Laurent Beaudoin and his wife currently live in Montreal and Nolton. He was very aware of the Bombardier Transportation plant in Thunder Bay. “ We have a good plant there. I have been there when we opened the modernized plant. We are very proud of what we are doing
Dominique Godbout is the Director- Marketing for the Ski Doo brand at BRP based in Valcourt, Quebec and started with the company in 1992. He has worked almost 10 years for the company with a 7 year break. Dominique’s background is engine technologies- engineering but he has spent all of his working life, some 30 years in marketing. “ The snowmobile market today is a wonderful opportunity. Before the last 2 years we had 5 years with less snow. The last years 2 years the snowmobiler has used a lot of old equipment that is getting beaten up. We sell a lot of parts but at some point if the snow keeps coming people will have to buy new machines. Of all the powersports industry snowmobiling is the one that does the best.
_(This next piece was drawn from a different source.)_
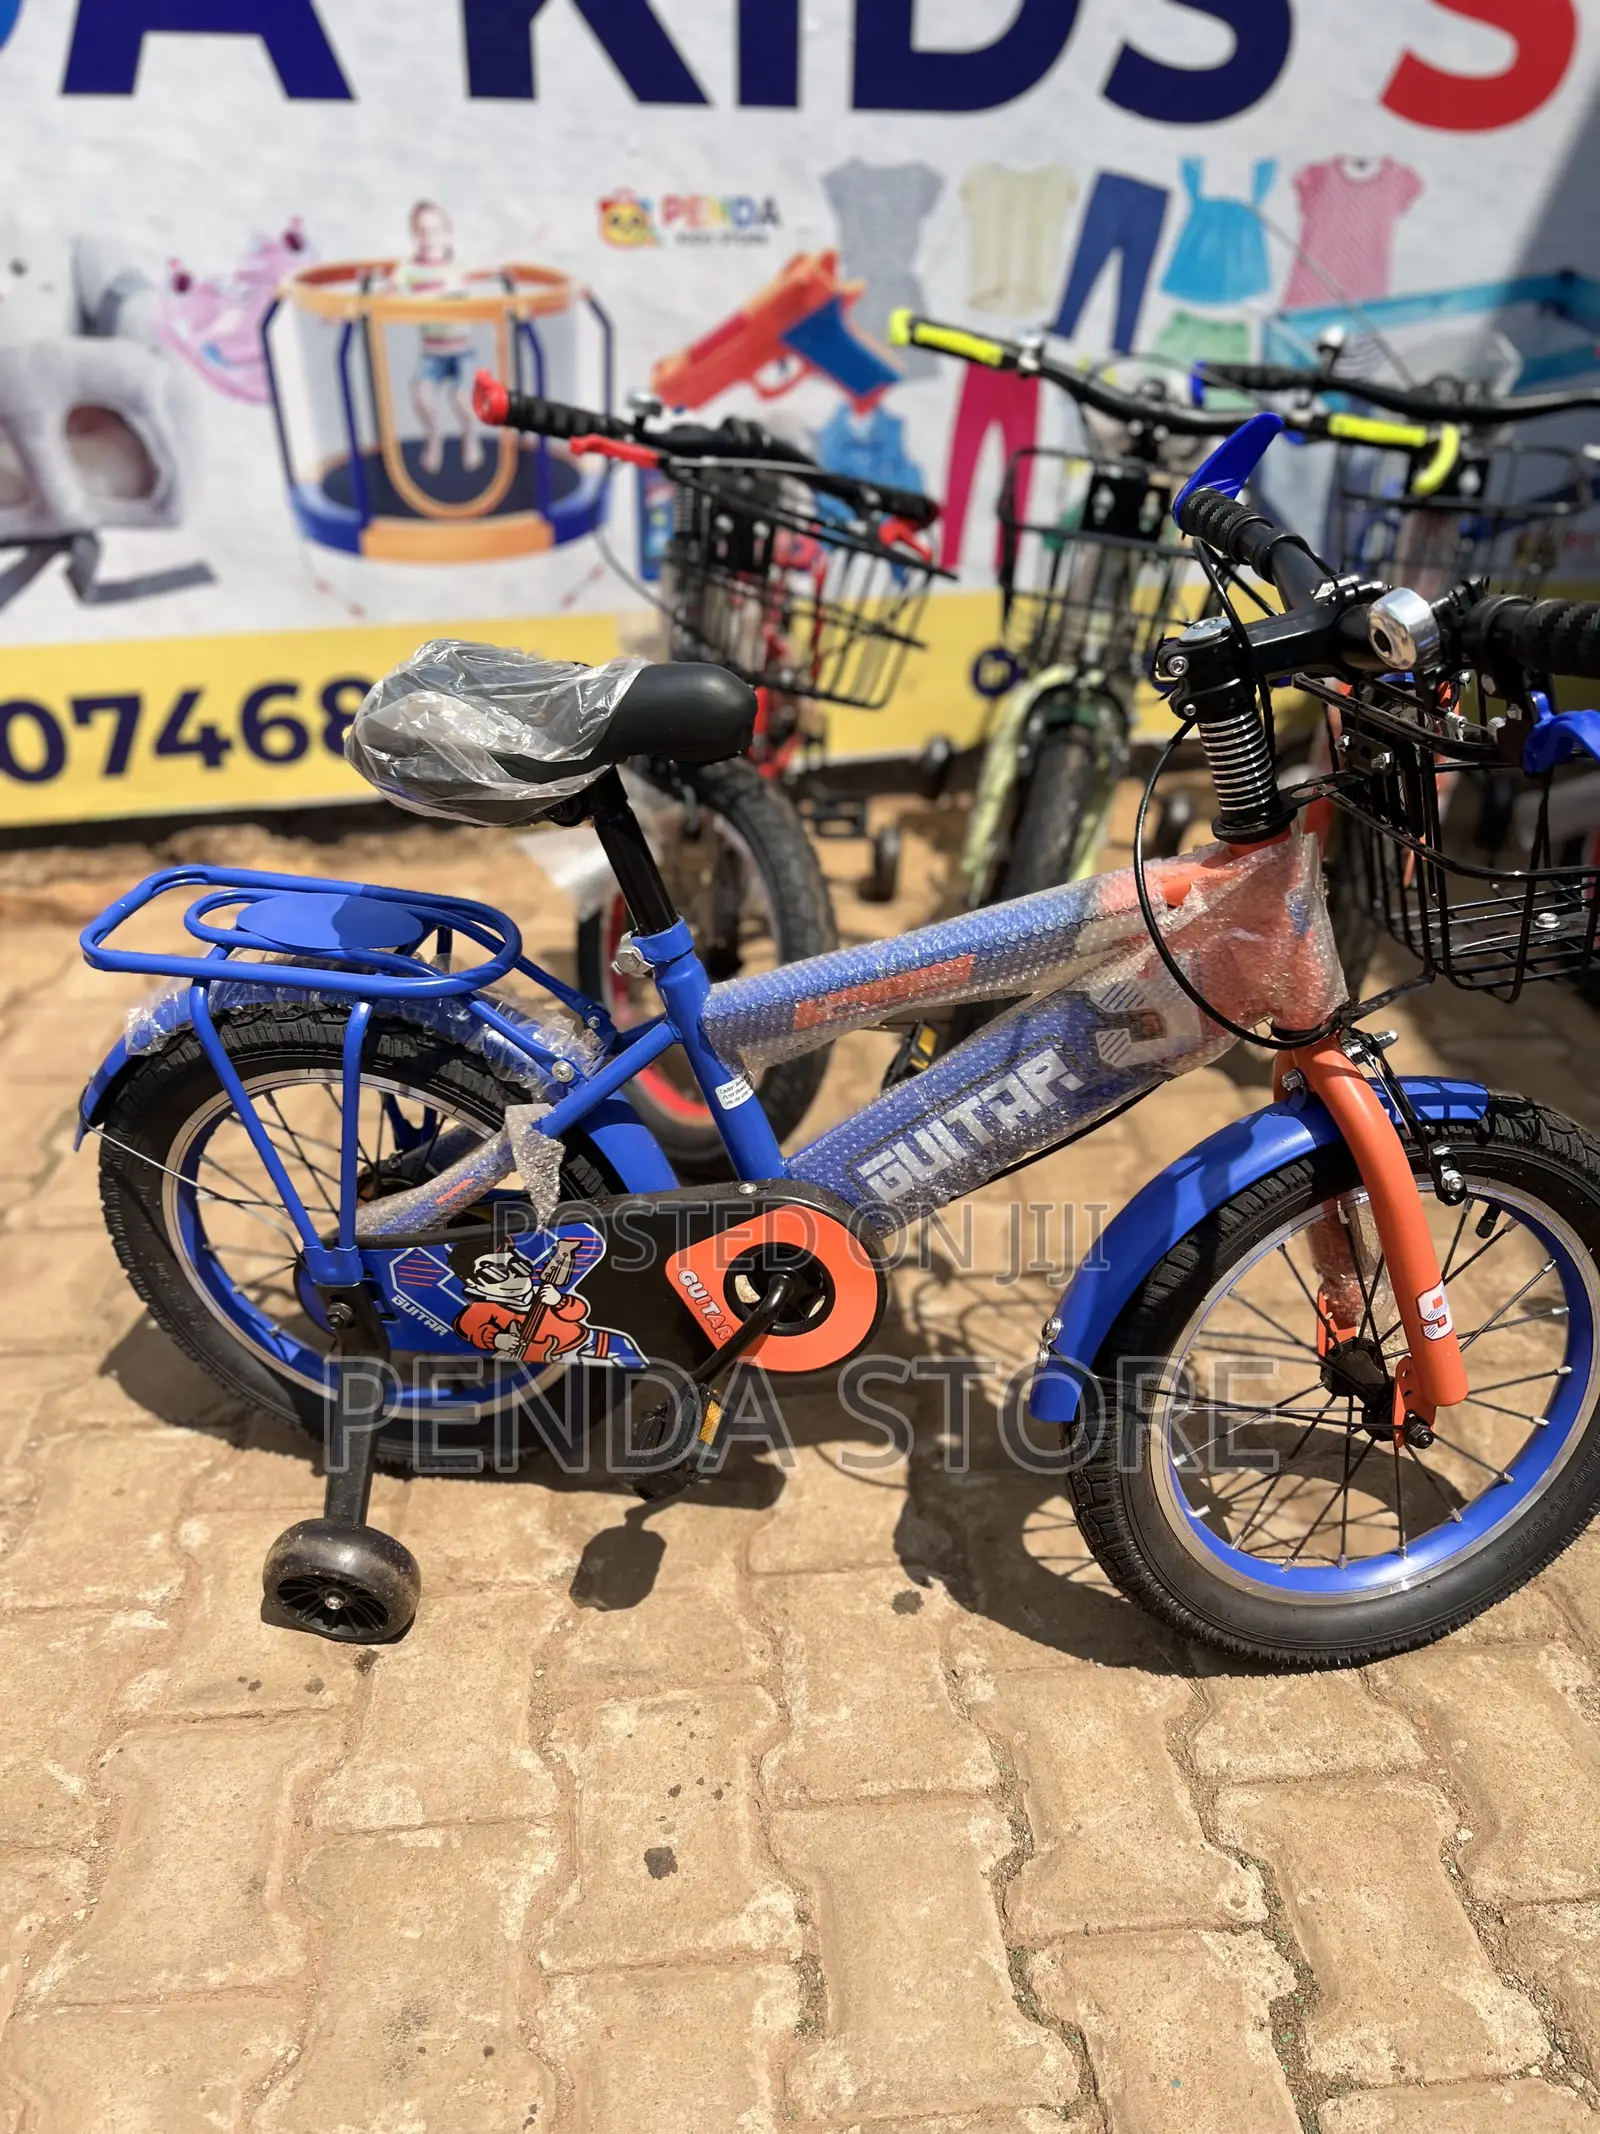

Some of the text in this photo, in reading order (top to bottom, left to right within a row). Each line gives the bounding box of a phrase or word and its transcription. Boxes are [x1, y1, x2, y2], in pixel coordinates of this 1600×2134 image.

[857, 1048, 1085, 1200] GUITAR
[390, 1294, 450, 1337] GUITAR
[678, 1268, 736, 1341] GUITAR
It is poised for a rebound,” said Dominique Godbout. “ The economy will get better the next few months and if the snow pattern stays the same as far as I am concerned it is no where but up. We had an excellent year this year and sold out in Quebec and everywhere we had snow did well.”
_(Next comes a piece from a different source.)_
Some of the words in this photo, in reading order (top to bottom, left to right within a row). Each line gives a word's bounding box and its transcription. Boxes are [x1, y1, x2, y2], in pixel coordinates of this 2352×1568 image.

Dominique Godbout Directeur Marketing Ski Doo
“ The watercraft and boating business has been affected by the availability of cash. The issue is people are having a harder time to get credit and the purchase price limits the purchase ability. That is the biggest issue. People are being careful. In snowmobile because they haven't been able to snowmobile a lot in the 7 years they are holding on to a lot of money. Now that they see the weather pattern is holding they are buying.
ATVs suffered the brunt of it. It is traditionally a younger market where credit is more necessary. It is a Canadian and United States situation. Laurentian Bank decided to get out of the power sport financing business so it left everybody high and dry in Canada. We have
had to find other finance sources. In retail financing GE Money has left the PowerSports business and has been replaced by Sheffield and US Bank for BRP Retail Financing," said Godbout. “ In the 1990s it was whether we could survive the EPA regulations and we have done that. Every one buried the 2 stroke engine but we are not going to let that happen. The young generation want to come into the sport. Our kids grew up in the sport. Today they are just as interested as in the past. The 2 stroke engine is all about power to weight. We have a design and excellence centre,
a centre in Austria where the engines are built and in Sherbrooke an Advanced Technology centre all working on improving our product offering from every aspect.”
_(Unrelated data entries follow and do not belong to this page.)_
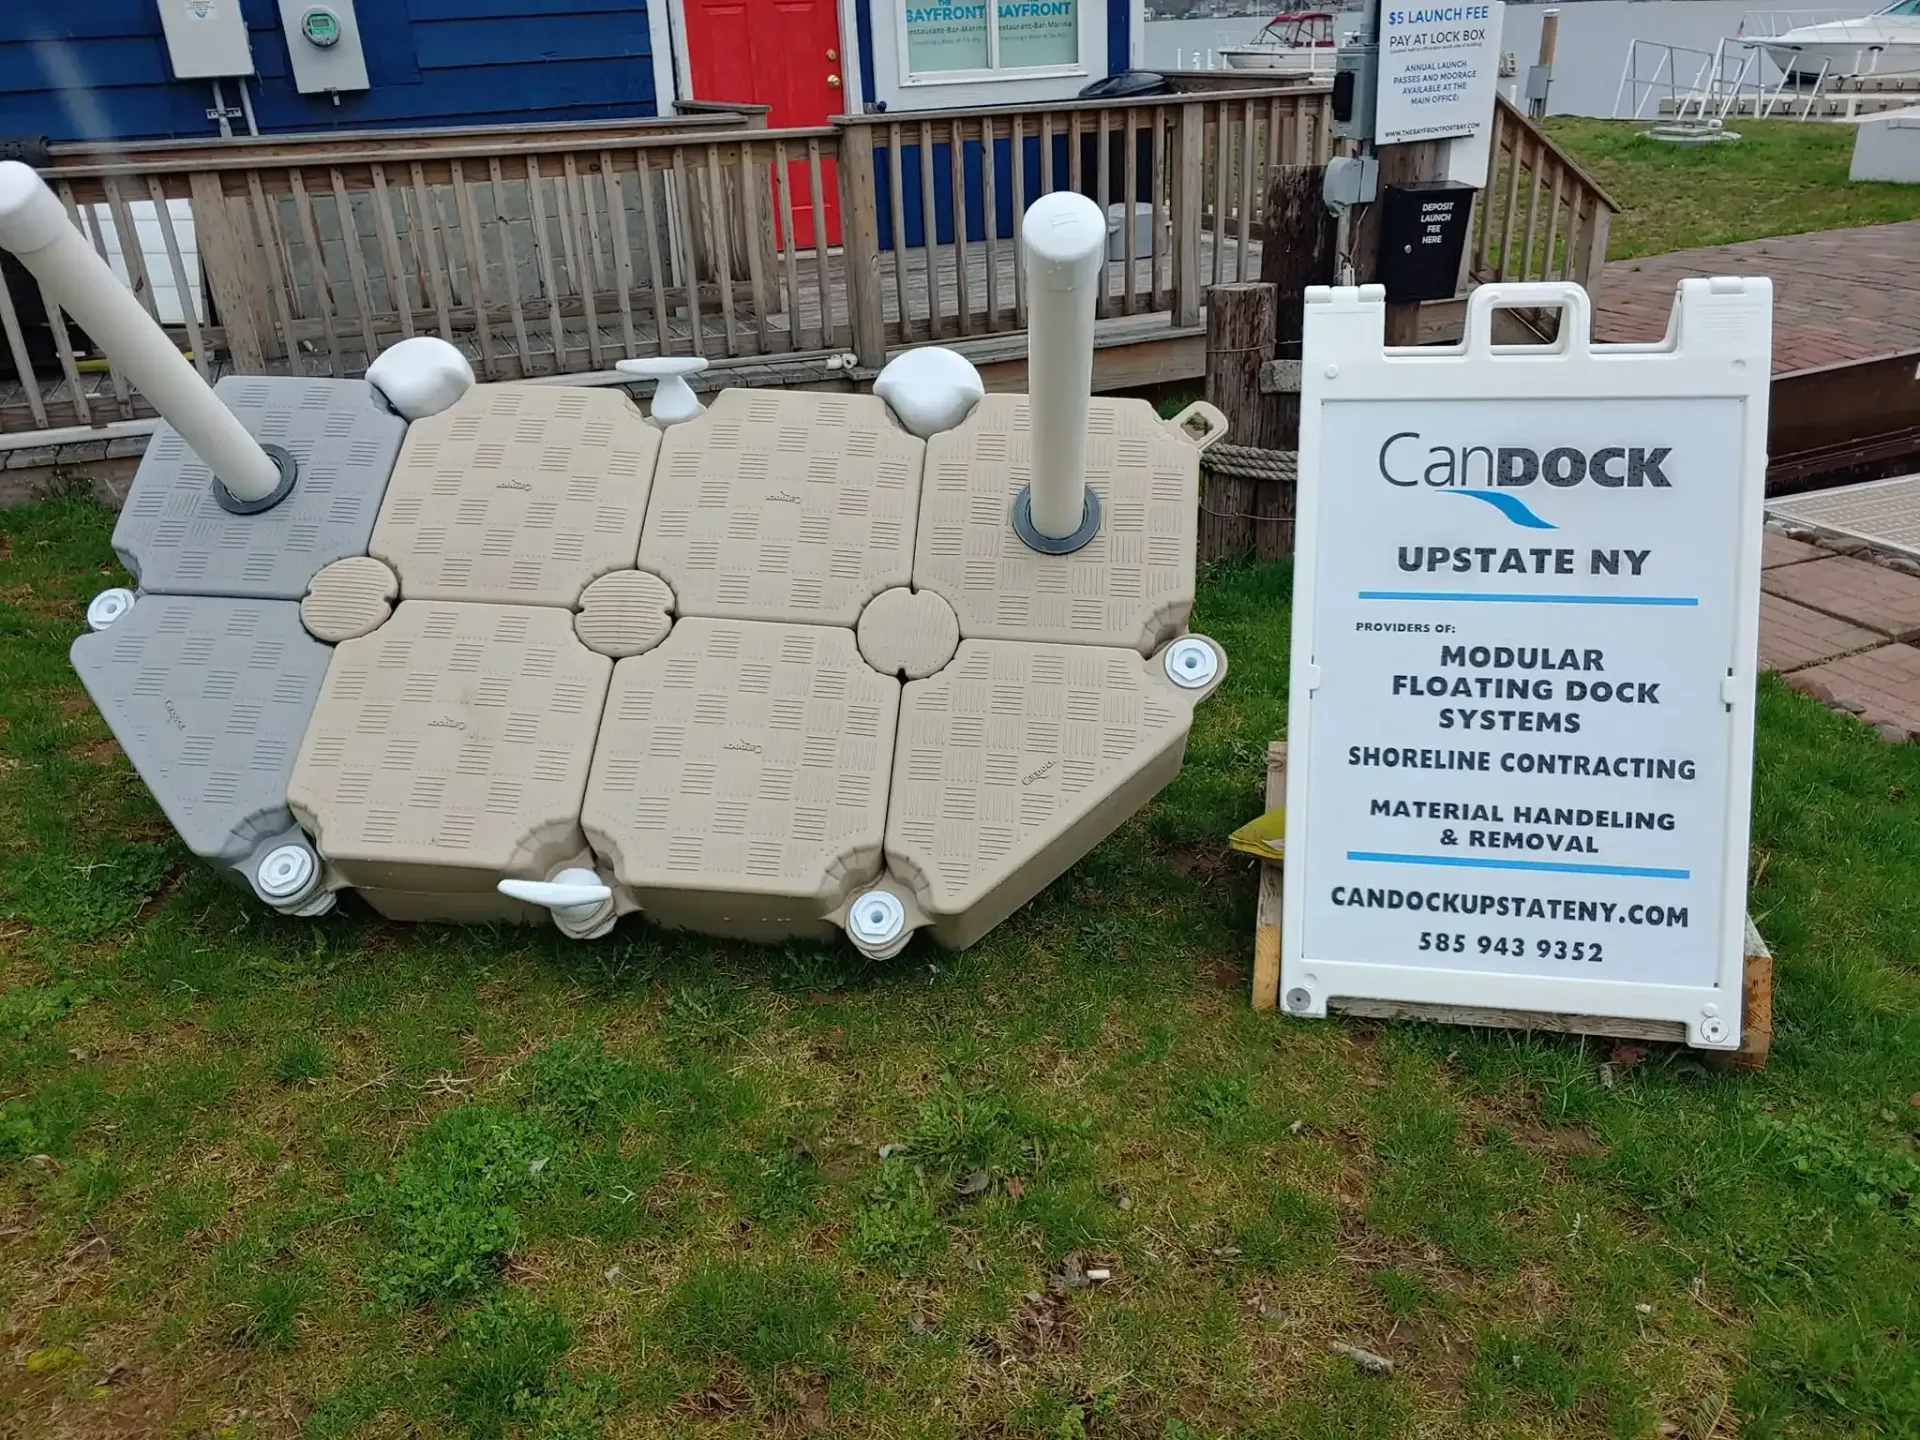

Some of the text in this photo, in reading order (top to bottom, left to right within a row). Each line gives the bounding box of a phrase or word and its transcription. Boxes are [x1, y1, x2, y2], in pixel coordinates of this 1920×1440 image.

[1388, 5, 1489, 25] $5 LAUNCH FEE
[1389, 29, 1486, 48] PAY AT LOCK BOX
[1405, 60, 1467, 72] ANNUAL LAUNCH
[1393, 70, 1477, 84] PASSES AND MOORAGE
[1402, 82, 1467, 95] AVAILABLE AT THE
[1411, 97, 1430, 105] MAIN
[1422, 202, 1454, 212] DEPOSIT
[1421, 213, 1452, 223] LAUNCH
[1427, 225, 1442, 233] FEE
[1422, 235, 1443, 244] HERE
[1399, 547, 1651, 575] UPSTATE NY
[1356, 623, 1455, 633] PROVIDERS OF:
[1441, 646, 1604, 671] MODULAR
[1393, 676, 1660, 703] FLOATING DOCK
[1440, 709, 1580, 733] SYSTEMS
[1349, 746, 1695, 779] SHORELINE CONTRACTING
[1371, 800, 1674, 830] MATERIAL HANDELING
[1440, 829, 1598, 853] & REMOVAL
[1332, 887, 1687, 927] CANDOCKUPSTATENY.COM
[1419, 932, 1602, 962] 585 943 9352
“ Expanding the platform with new engines, fuel consumption improvement and suspensions is what we are doing. It is a journey not a destination. We have the lead and will hold onto it. Our engineers are enthusiasts and out riding snowmobiles every weekend,” said Godbout. “ The biggest challenge is to bring back the average Joe into the sport. There is no shortage of enthusiasts. We want to cater to the average Joe to make it work financially. We need everybody.”